Over the past few years, python became the most common and versatile script language for both communities, and therefore, I believe, it would accelerate many collaborations. Much of my time is spent to find out how to read, maneuver, and handle raw data/image. Most of tactics for astronomers are quite unfamiliar, sometimes insensible to me (see my read.table() and data analysis system and its documentation). Somehow, one script language, thanks to its open and free intention to all communities, is promising by narrowing the gap for prosperous and efficient collaborations, Python

The first posting on this slog was about Python. I thought that kicking off with a computer language relatively new and open to many communities could motivate me and others for more interdisciplinary works with diversity. After a few years, unfortunately, I didn’t achieve that goal. Yet, I still think that these libraries and modules, introduced below, to be useful for your transition from some programming languages, or for writing your own but pro bono wrapper for better communication with the others.

I’ll take numpy, scipy, and RPy for granted.
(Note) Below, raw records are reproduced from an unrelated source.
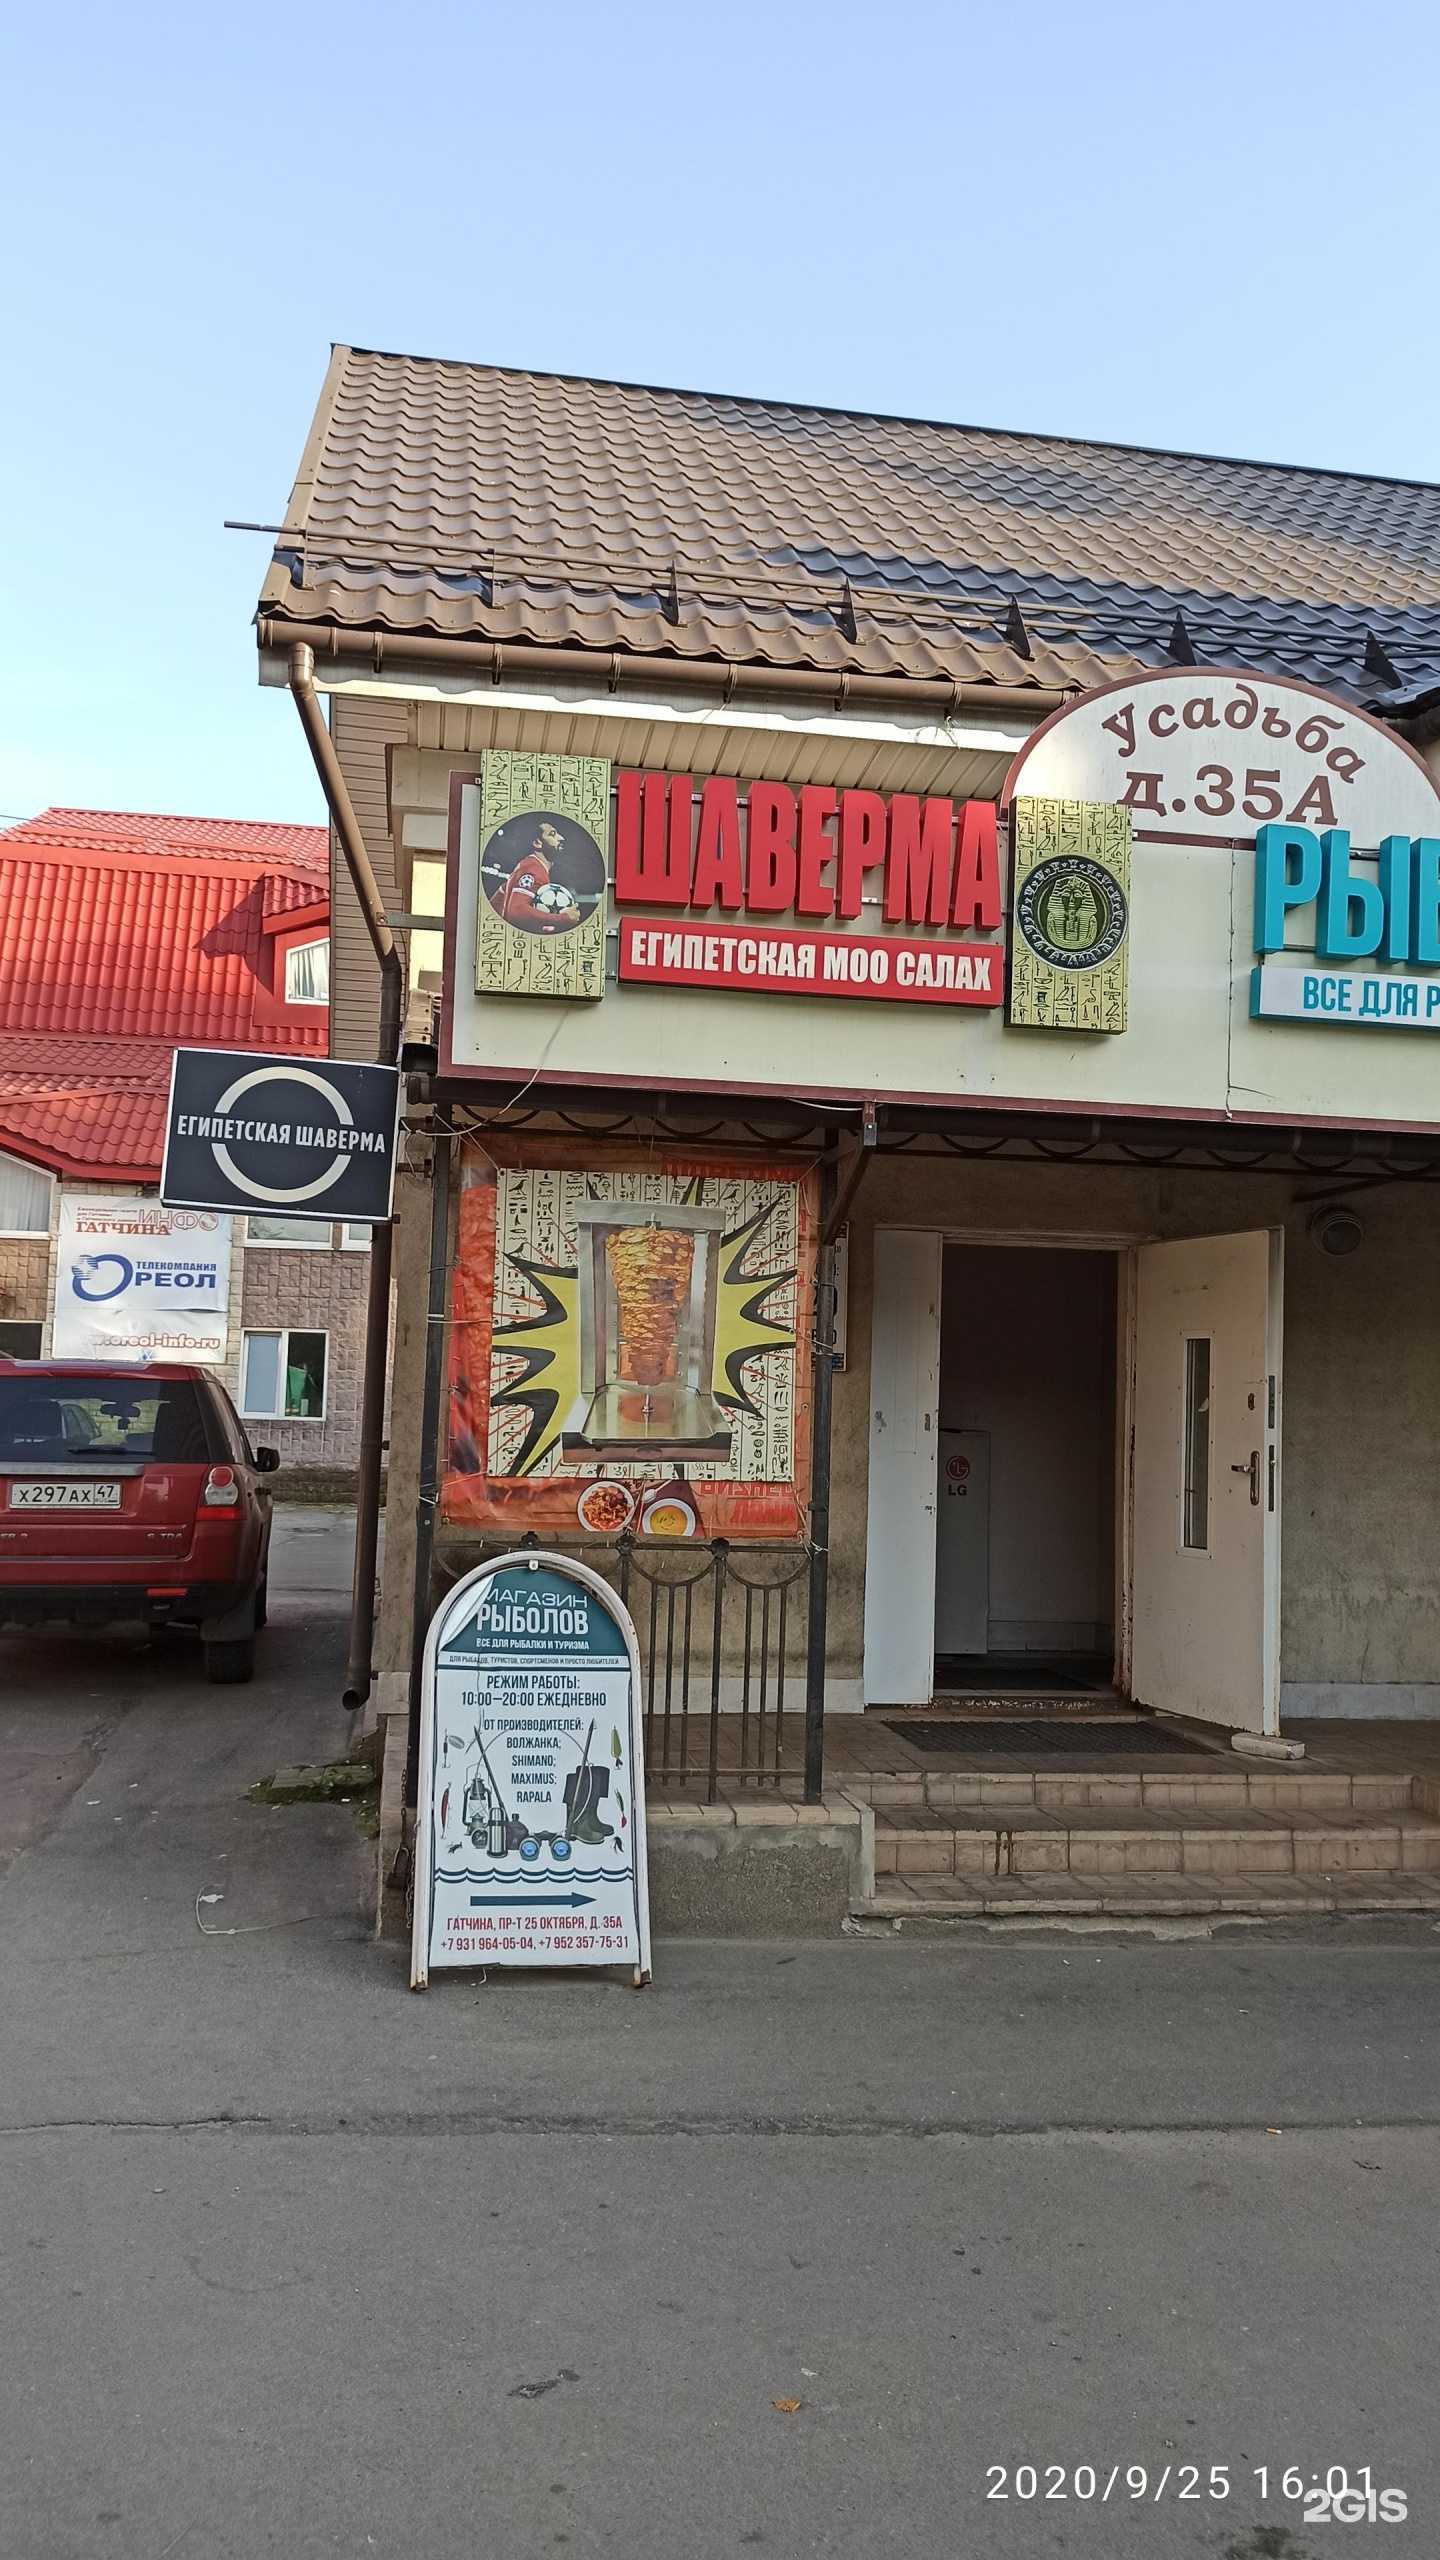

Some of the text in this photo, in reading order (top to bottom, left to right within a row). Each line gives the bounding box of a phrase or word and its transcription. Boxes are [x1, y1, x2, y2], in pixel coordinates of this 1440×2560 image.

[1101, 684, 1366, 784] Усадьба
[614, 772, 1001, 931] ШАВЕРМА
[631, 930, 992, 992] ЕГИПЕТСКАЯ МОО САЛАХ
[1303, 976, 1352, 1012] ВСЕ
[1359, 980, 1418, 1017] ДЛЯ
[177, 1115, 386, 1153] ЕГИПЕТСКАЯ ШАВЕРМА
[75, 1208, 220, 1236] ГАТЧИНА ИНФО
[136, 1261, 217, 1272] ТЕЛЕКОМПАНИЯ
[97, 1485, 114, 1498] 47
[948, 1484, 967, 1496] LG
[477, 1603, 589, 1635] РЫБОЛОВ
[476, 1637, 590, 1650] ВСЕ ДЛЯ РЫБАЛКИ И ТУРИЗМА
[487, 1675, 580, 1689] РЕЖИМ РАБОТЫ:
[537, 1692, 607, 1708] ЕЖЕДНЕВНО
[484, 1717, 584, 1732] ОТ ПРОИЗВОДИТЕЛЕЙ:
[516, 1791, 552, 1803] RAPALA
[447, 1915, 623, 1931] ГАТЧИНА, ПР-Т 25 ОКТЯБРЯ, Д. 35А
[441, 1935, 629, 1951] +7 931 964-05-04, +7 952 357-75-31
For the plotting purpose, matplotlib seems most common.

Reading astronomical data (click links to download libraries, modules, and tutorials)

• First, start with Using Python for Interactive Data Analysis (in pdf) Quite useful manual, particularly for IDL users. It compares pros and cons of Python and IDL.
• IDLsave Simply, without IDL, a .save file becomes legible. This is a brilliant small module.
• PyRAF (I was really frustrated with IRAF and spent many sleepless nights. Apart from data reduction, I don’t remember much of statistics from IRAF except simple statistics for Gaussian populations. I guess PyRAF does better job). And there’s PyFITS for handling fits format data.
• APLpy (the Astronomical Plotting Library in Python) is a Python module aimed at producing publication-quality plots of astronomical imaging data in FITS format (this introduction is copied from the APLpy site).

Statistics, Mathematics, or data science
Due to RPy, introducing smaller modules seems not much worthy but quite many modules and library for statistics are available, not relying on R.

• MDP (Modular toolkit for Data Processing)
  Multivariate data analysis methods like PCA, ICA, FA, etc. become very popular in the astronomical society.
• pywavelets (Not only FT, various transformation methodologies are often used and wavelet transformation ranks top).
• PyIMSL (see my post, PyIMSL)
• PyMC I introduced this module in a century ago. It may be lack of versatility or robustness due to parametric distribution objects but I liked the tutorial very much from which one can expand and devise their own working MCMC algorithm.
• PyBUGS (I introduced this python wrapper in BUGS but the link to PyBUGS is not working anymore. I hope it revives.)
• SAGE (Software for Algebra and Geometry Experimentation) is a free open-source mathematics software system licensed under the GPL (Link to the online tutorial).
• python_statlib descriptive statistics for the python programming language.
• PYSTAT Nice website but the product is not available yet. Be aware! It is not PhyStat!!!

Module for AstroStatistics
import inference (Unfortunately, the links to examples and tutorial are not available currently)

Without clear objectives, it is not easy to pick up a new language. If you are used to work with one from alphabet soup, you most likely adhere to your choice. Changing alphabets or transferring language names only happens when your instructor specifically ask you to use their preferring languages and when analysis {modules, libraries, tools} are only available within that preferred language. Somehow, thanks to the object oriented style, python makes transition and communication easier than other languages. Furthermore, script languages are more intuitive and better interpretable.